我々人類の体は様々な仕組みがあり、そのメカニズムは非常に複雑であり、現在の段階でわかっていることはごく一部でしょう。薬は進化の過程で獲得してきた複雑なメカニズムを強制的に変化させたり、阻害したりします。それによって体にとって利益を生み出すこともあるでしょうが、同時に大きな不利益を被る可能性も十分にあります。
胃の胃酸を止めるPPI(プロトンポンプ阻害薬)はいくつかのがんと関連があると指摘されています。(「PPI(プロトンポンプ阻害薬)の長期使用と胃がんのリスク」「PPI(プロトンポンプ阻害薬)は食道がんのリスクを高める」など参照)
今回はPPIとすい臓がんの関連です。
メタアナリシスによると、PPIの使用はすい臓がんになる可能性が1.7倍前後に増加しました。しかも、アジアの研究では欧米よりも高く、2.7倍でした。
また、薬の種類によって差が出ました。ほとんどのPPIは2~3倍でしたが、ラベプラゾール(先発品の名前は「パリエット」)だけは5.4倍と他のPPIの2倍も危険である可能性があります。
以前の記事「PPI(プロトンポンプ阻害薬)の暗黒面 その1 薬を止められなくする仕組み」で書いたように、PPIは胃酸分泌を強烈に抑制します。胃酸抑制は、胃のG細胞でのガストリン産生に強い刺激を与え、高ガストリン血症を引き起こします。
すい臓がん細胞はガストリン受容体を発現し、そのガストリン受容体を介して、ガストリンはすい臓がん細胞の増殖を刺激するようです。
一次的にPPIを使用することは問題ないと思いますが、ダラダラと飲み続けている人が非常にたくさんいます。あなたのそのPPIは必要でしょうか?やめることはできないでしょうか?糖質制限をして、症状が改善する人はたくさんいます。(一時的に悪化するように感じる場合もありますが。)
安易に薬に頼るのではなく、まずは糖質制限をしてみましょう。
糖質過剰症候群
「Exposure to proton pump inhibitors and risk of pancreatic cancer: a meta-analysis」「プロトンポンプ阻害薬への曝露とすい臓がんのリスク:メタアナリシス」(原文はここ)
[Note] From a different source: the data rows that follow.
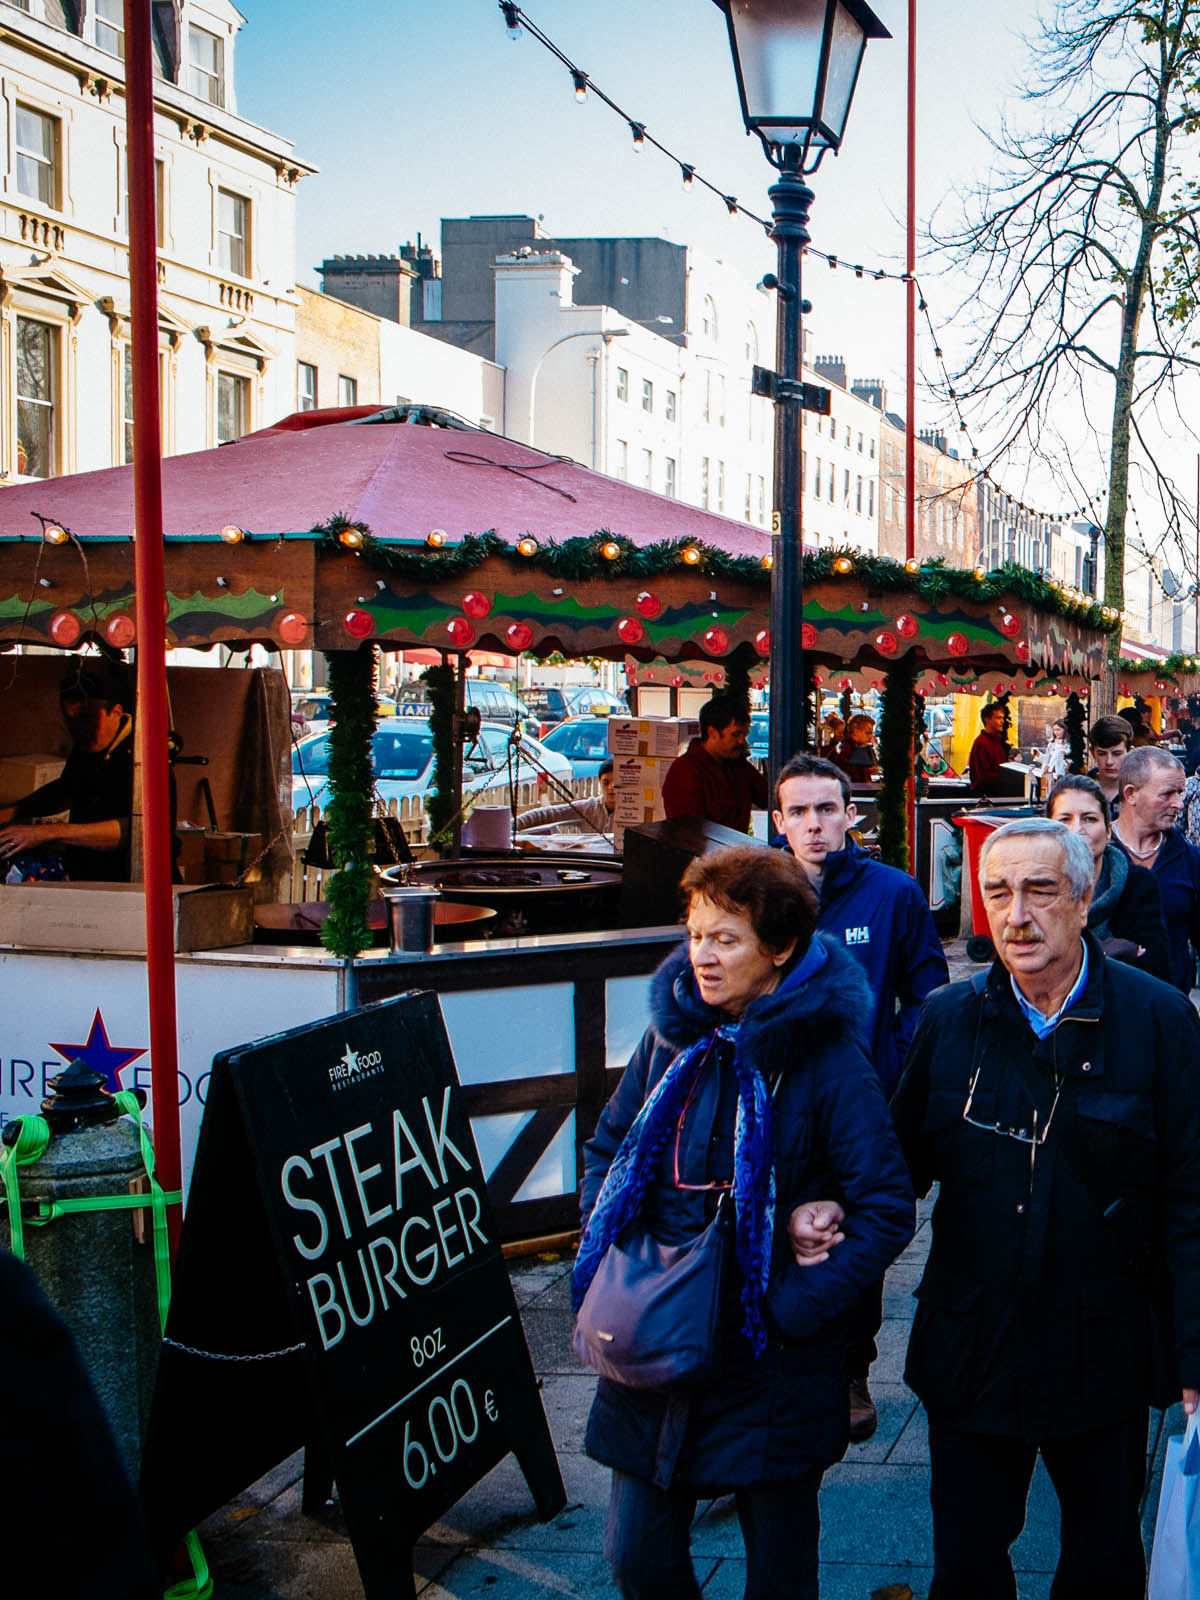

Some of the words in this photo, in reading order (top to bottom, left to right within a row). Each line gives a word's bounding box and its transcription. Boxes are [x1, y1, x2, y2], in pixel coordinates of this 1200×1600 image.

[845, 926, 869, 941] HH
[328, 1063, 348, 1081] FIRE
[357, 1051, 382, 1070] FOOD
[332, 1065, 384, 1091] RESTAURANTS
[281, 1086, 473, 1261] STEAK
[307, 1187, 489, 1351] BURGER
[485, 1389, 499, 1422] €
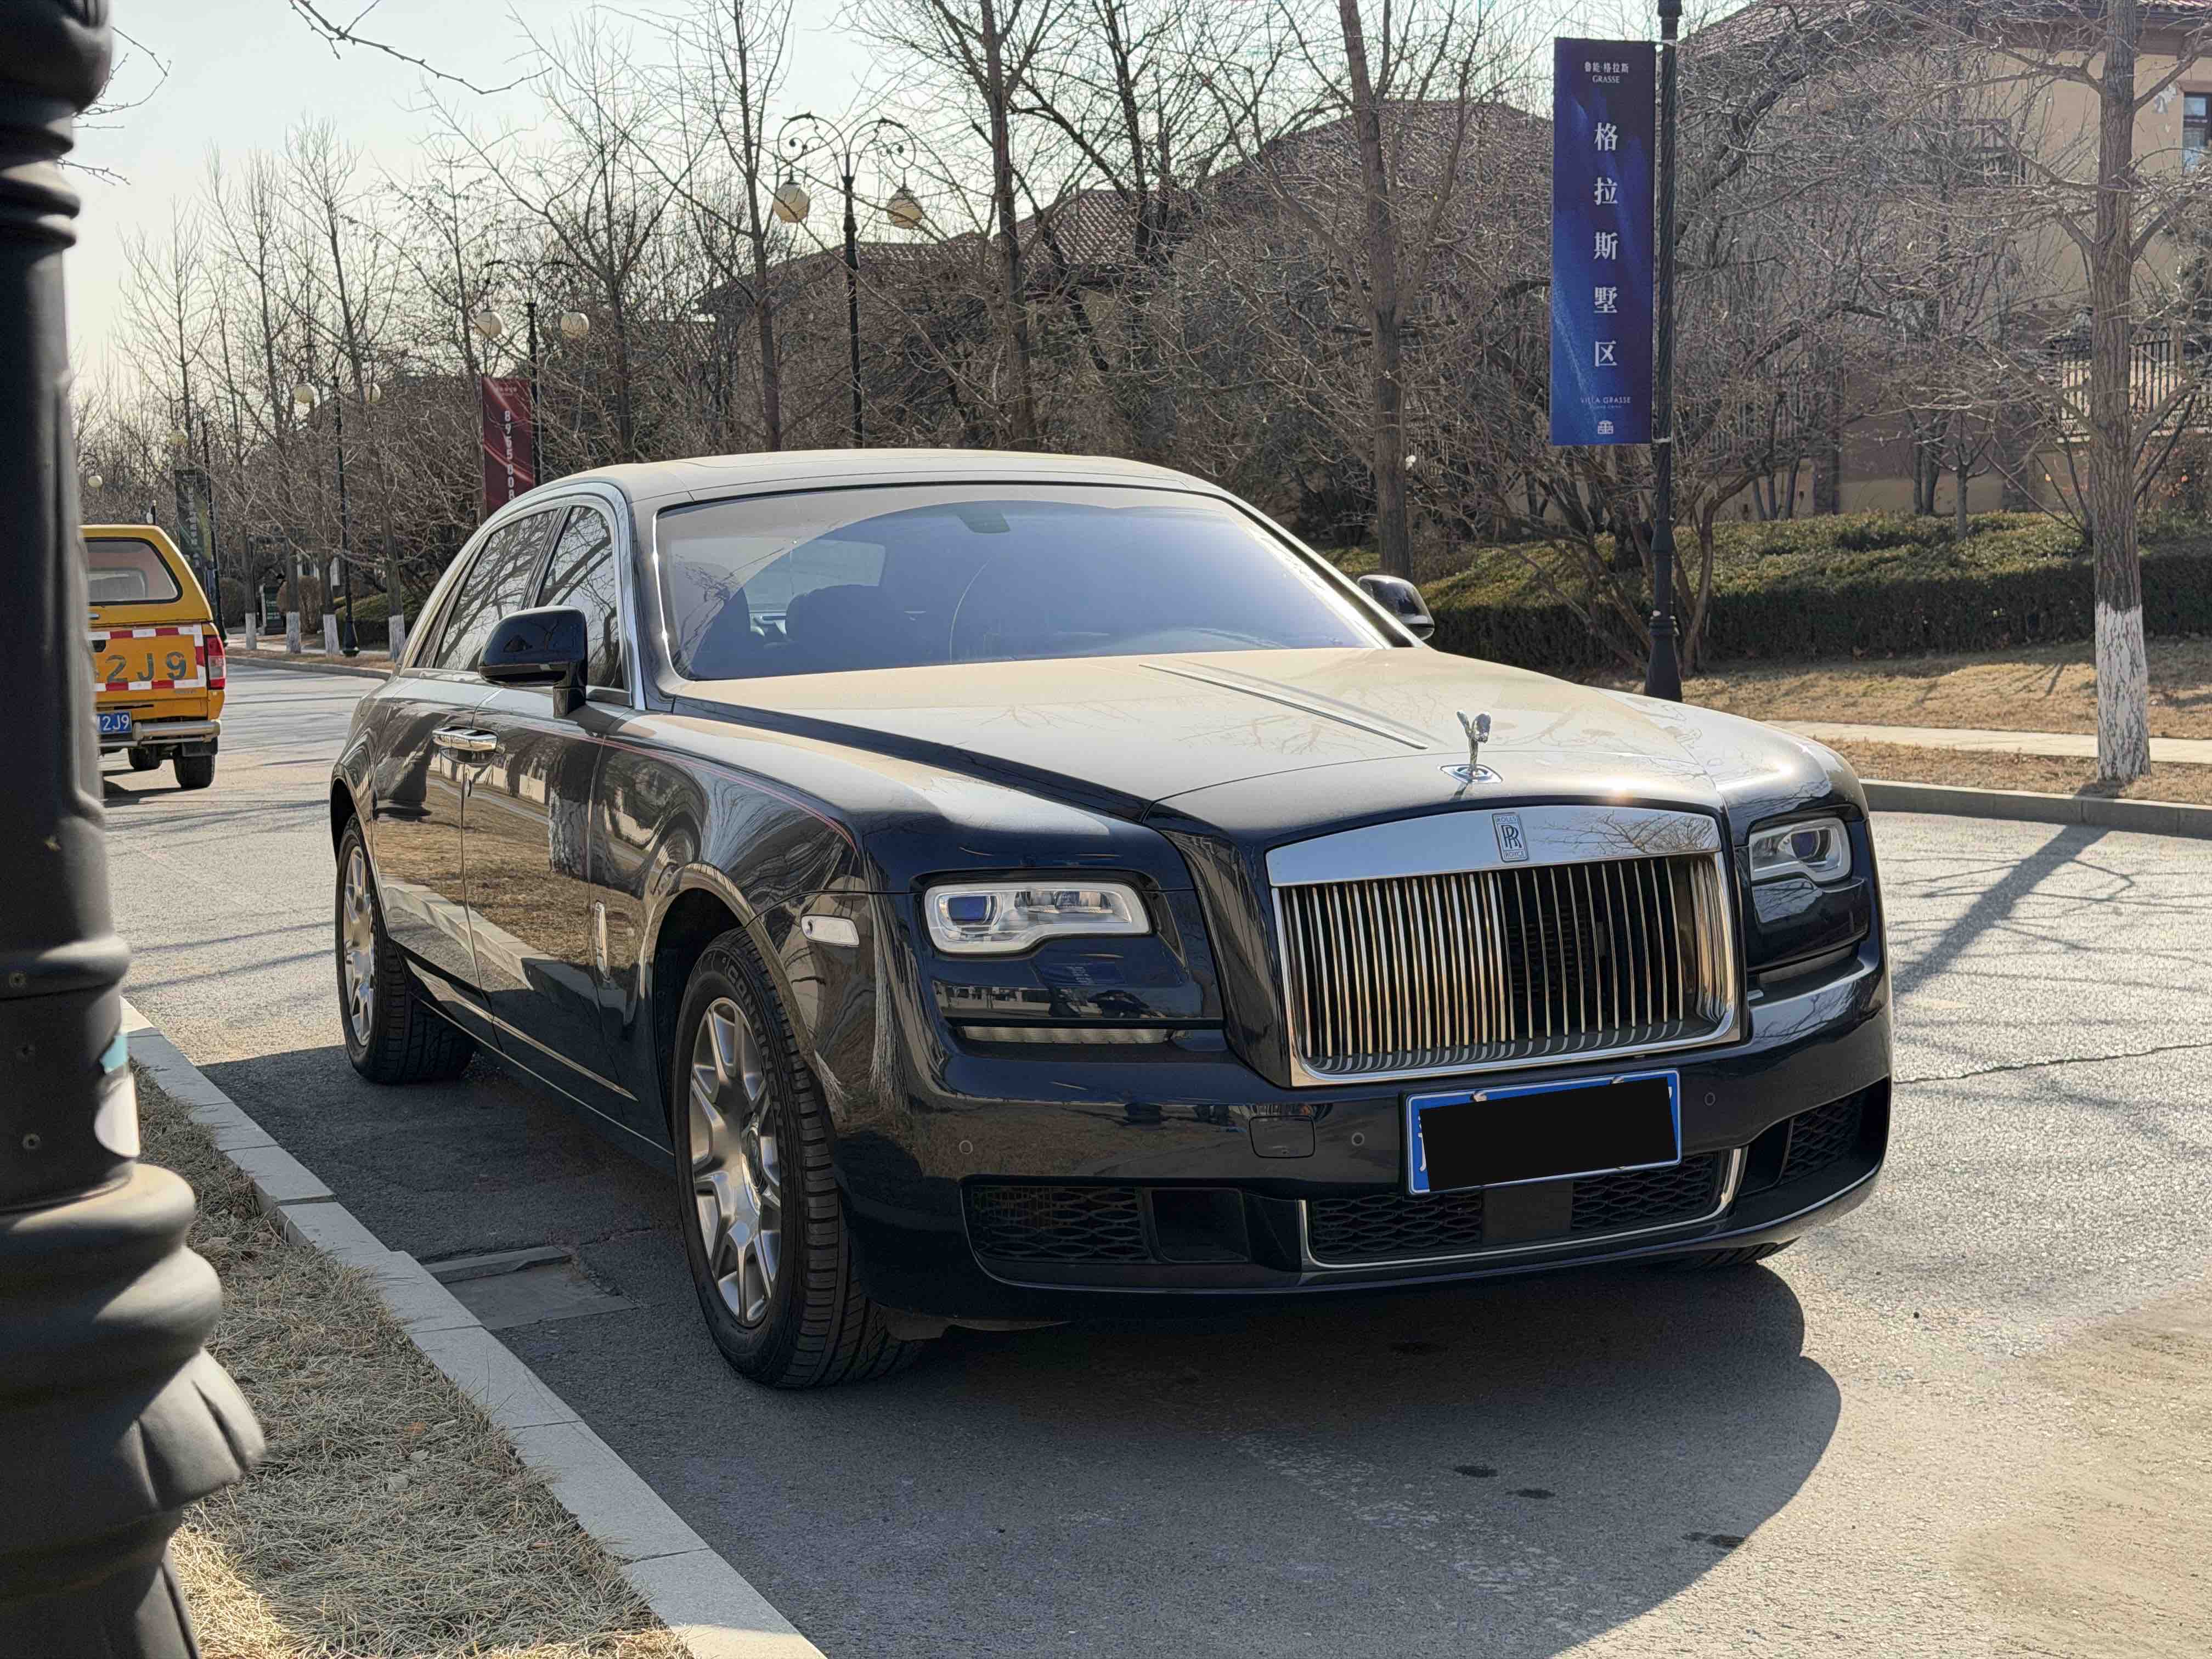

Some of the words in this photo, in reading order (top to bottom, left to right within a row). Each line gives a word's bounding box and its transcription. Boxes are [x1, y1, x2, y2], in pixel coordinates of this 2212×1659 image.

[1592, 75, 1620, 83] GRASSE
[1593, 122, 1618, 368] 格拉斯墅区
[97, 651, 187, 683] 2J9
「Does the Use of Proton Pump Inhibitors Increase the Risk of Pancreatic Cancer? A Systematic Review and Meta-Analysis of Epidemiologic Studies」
「プロトンポンプ阻害薬の使用はすい臓がんのリスクを高めますか?疫学研究の系統的レビューとメタ分析」(原文はここ)
バイアスピリン服用とともに胃荒れを防ぐ目的でラベプラゾールを処方されてます。中止中です。
ハイパーさん、コメントありがとうございます。
リスクとベネフィットを良く検討して、ご自身で判断を。